Esta semana estive – como aliás quase toda a equipa do Semanário Angolense – bastante envolvido em estudar e compreender a recente onda de demolições e as reacções que provocam na cidade de Luanda. Conversei com vários actores, ouvi discursos, entrevistas e depoimentos e fiz uma visita aos bairros Iraque e Bagdade. Por isso, deixo aqui expressa a minha opinião sobre o assunto.
Como outros cidadãos, eu também estou a construir uma casa. Sei o que é apertar o cinto, contrair empréstimos, passar noites sem dormir para ver de onde poderão sair mais alguns tostões para comprar mais uns blocos, uns sacos de cimento, um mosaico, um azulejo. Para ‹‹poupar o dinheiro das rendas e terminar já dentro›› eu e a minha família começamos a habitar a casa em construção quando ela nem sequer portas e janelas tinha. Durante dois dias ficamos totalmente expostos. Lembro-me que uma das minhas filhas não dormia por causa dos mosquitos.
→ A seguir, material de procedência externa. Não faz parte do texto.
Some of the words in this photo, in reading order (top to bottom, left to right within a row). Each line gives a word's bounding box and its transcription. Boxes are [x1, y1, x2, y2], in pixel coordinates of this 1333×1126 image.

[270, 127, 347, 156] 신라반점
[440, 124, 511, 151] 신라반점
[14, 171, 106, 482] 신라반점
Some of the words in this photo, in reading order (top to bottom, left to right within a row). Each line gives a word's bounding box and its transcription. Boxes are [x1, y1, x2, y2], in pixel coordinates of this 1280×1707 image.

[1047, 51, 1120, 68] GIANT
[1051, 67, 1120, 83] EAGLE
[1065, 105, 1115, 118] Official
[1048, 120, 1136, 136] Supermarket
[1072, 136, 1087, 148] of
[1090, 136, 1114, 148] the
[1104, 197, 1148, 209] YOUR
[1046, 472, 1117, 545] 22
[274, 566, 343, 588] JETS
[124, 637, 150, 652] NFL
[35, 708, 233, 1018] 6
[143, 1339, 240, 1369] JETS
Eu sei o que é o sacrifício de construir uma casa, por mais pobre que seja. Por experiência própria, não sou, não consigo ser a favor de demolições. Só em casos devidamente justificados eu daria o meu aval a uma demolição. Sei a fera em que me tornaria se algum dia o kamartelo aparecesse a demolir o meu chimbeco. Por causa da minha experiência pessoal, sou dos que defende que a demolição de uma propriedade, construída com o sacrifício do cidadão, só deveria partir dos tribunais depois de devidamente analisado o caso.
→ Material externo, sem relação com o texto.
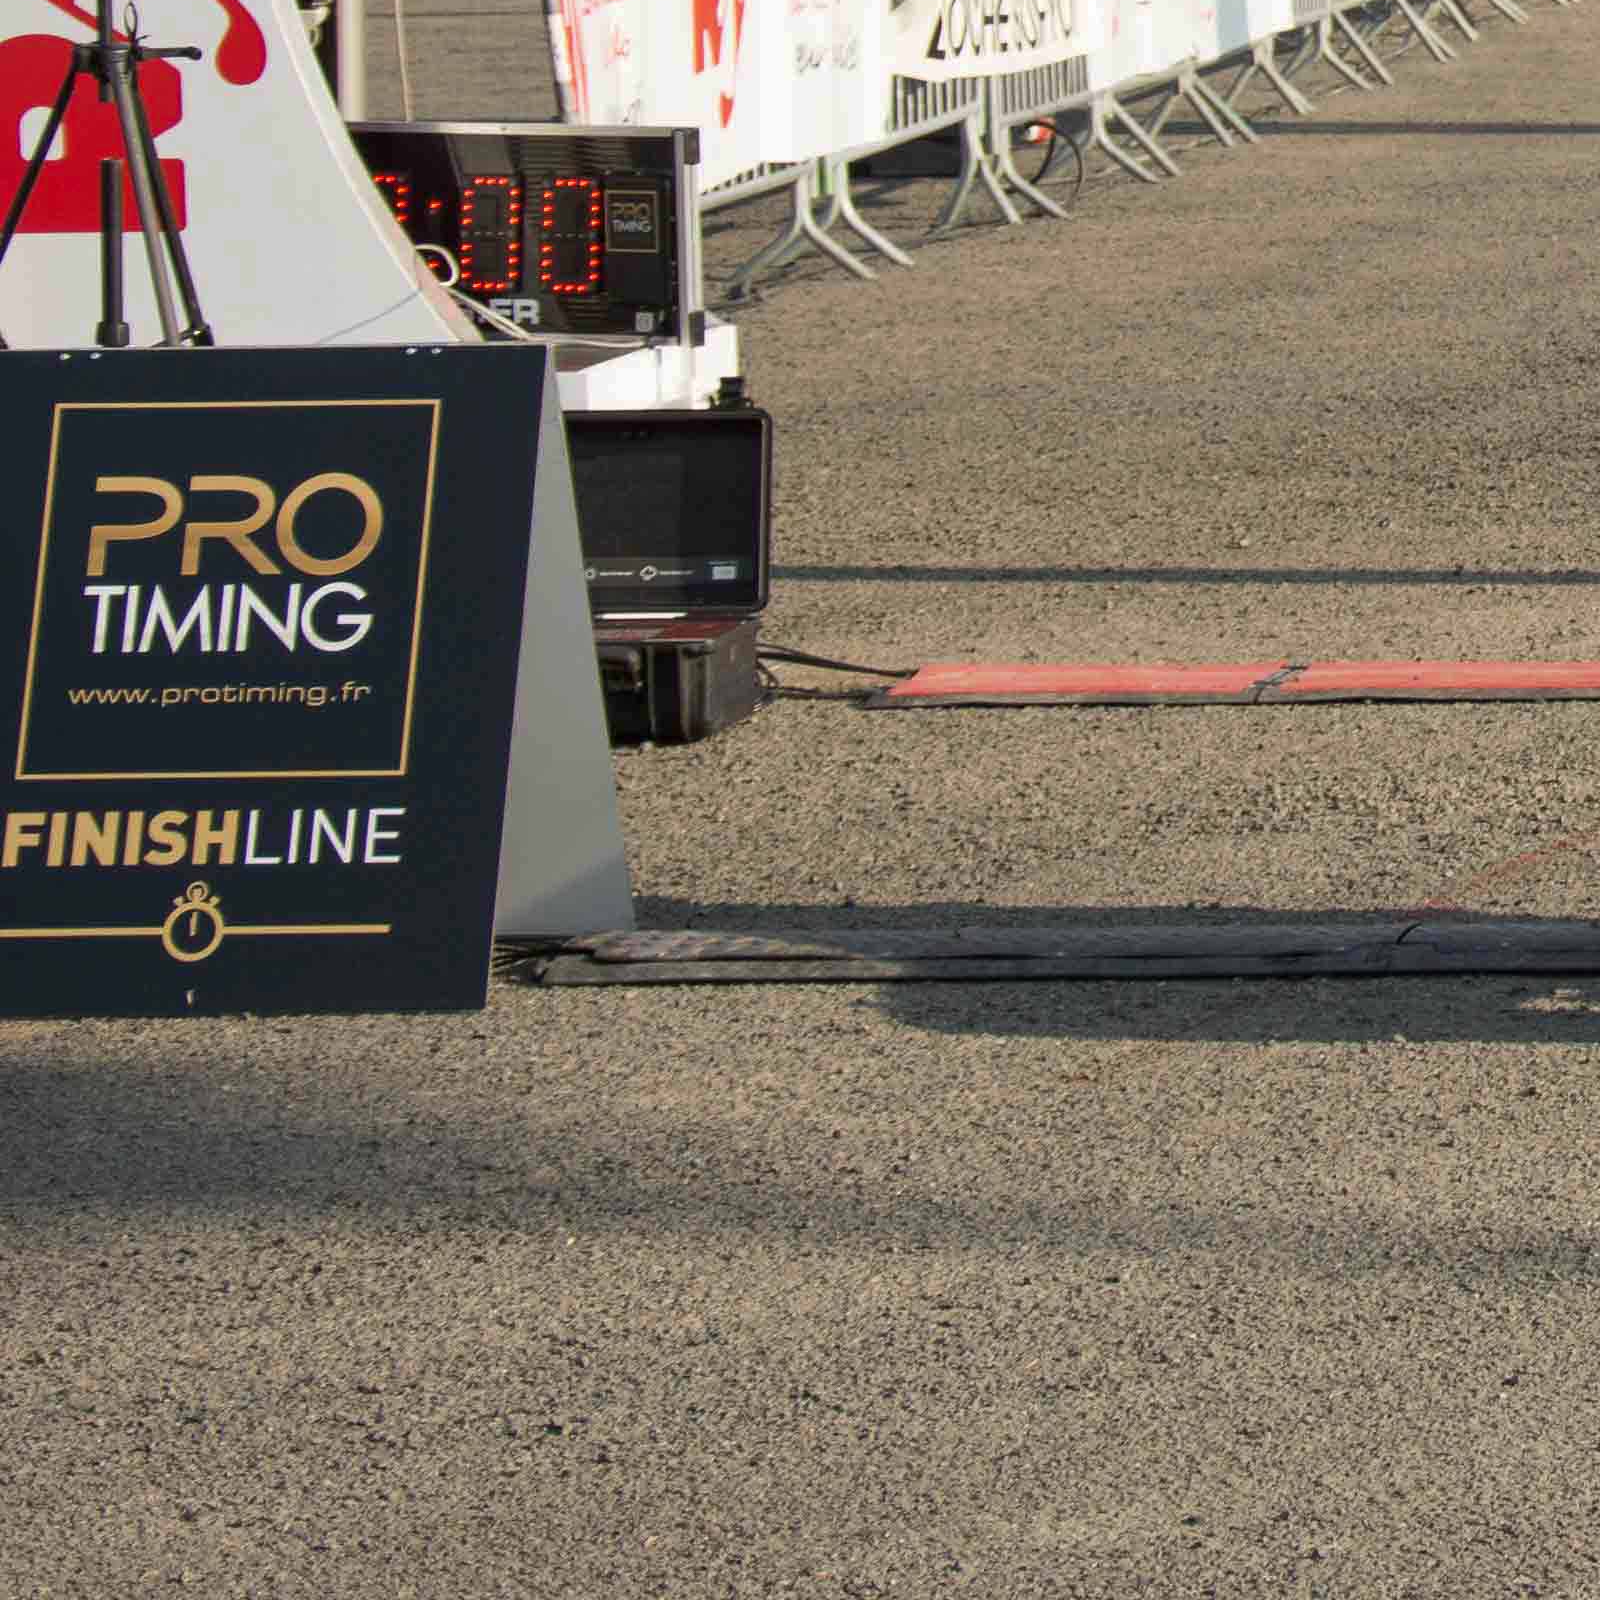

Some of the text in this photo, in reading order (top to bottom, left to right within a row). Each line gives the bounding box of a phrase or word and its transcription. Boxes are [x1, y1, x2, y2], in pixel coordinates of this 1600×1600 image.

[85, 472, 385, 578] PRO
[83, 582, 376, 655] TIMING
[67, 682, 372, 707] www.protiming.fr
[1, 806, 406, 868] FINISHLINE
O meu desacordo vai também para aqueles meus compatriotas que, na mira do lucro fácil, constroem deliberadamente em espaços que sabem pertencer a outrem. São conhecidos muitos casos de pessoas a quem o governo indemniza para deixarem um determinado terreno mas que, passados minutos, já estão a erguer o que chamam de casas no outro extremo do mesmo terreno pelo qual acabaram de ser indemnizadas. Também já não é segredo que muitas pessoas agem em conluio com funcionários das administrações locais, de quem recebem todos os ‹‹azimutes›› relativos às indemnizações que o governo destina aos ocupantes de uma determinada área. Não é por acaso que casas nascem do dia para noite em áreas onde está prevista a deslocação de funcionários do governo para negociar desalojamentos e respectivas indemnizações.
As pessoas de boa fé – e nisso quero incluir todas as ONG – não podem ignorar que esse tipo de oportunismo ganha cada vez mais terreno em Luanda. Tenho para mim que só há um remédio para acabar com as demolições e com a ocupação anárquica de terrenos: a construção de mais casas. Se o governo conseguisse, pelo menos, construir 80% do prometido ‹‹pacote›› de 1 milhão de casas – isso significaria 800.000 casas! – já resolveria o problema habitacional de toda a população do nosso país. É que 800.000 famílias resultam em 5.600.000 pessoas à razão de 7 pessoas por família. Ora, se pensarmos que somos 17.000.000 habitantes no país isso significa 33% da população com casa nova (se for o milhão completo isso dá casa nova para 41% da população, isto é, quase metade dos angolanos). Ora, como mais de metade das famílias angolanas já vivem em casas próprias, pode-se pensar que o programa do governo almeja literalmente casa para todos até o ano 2012.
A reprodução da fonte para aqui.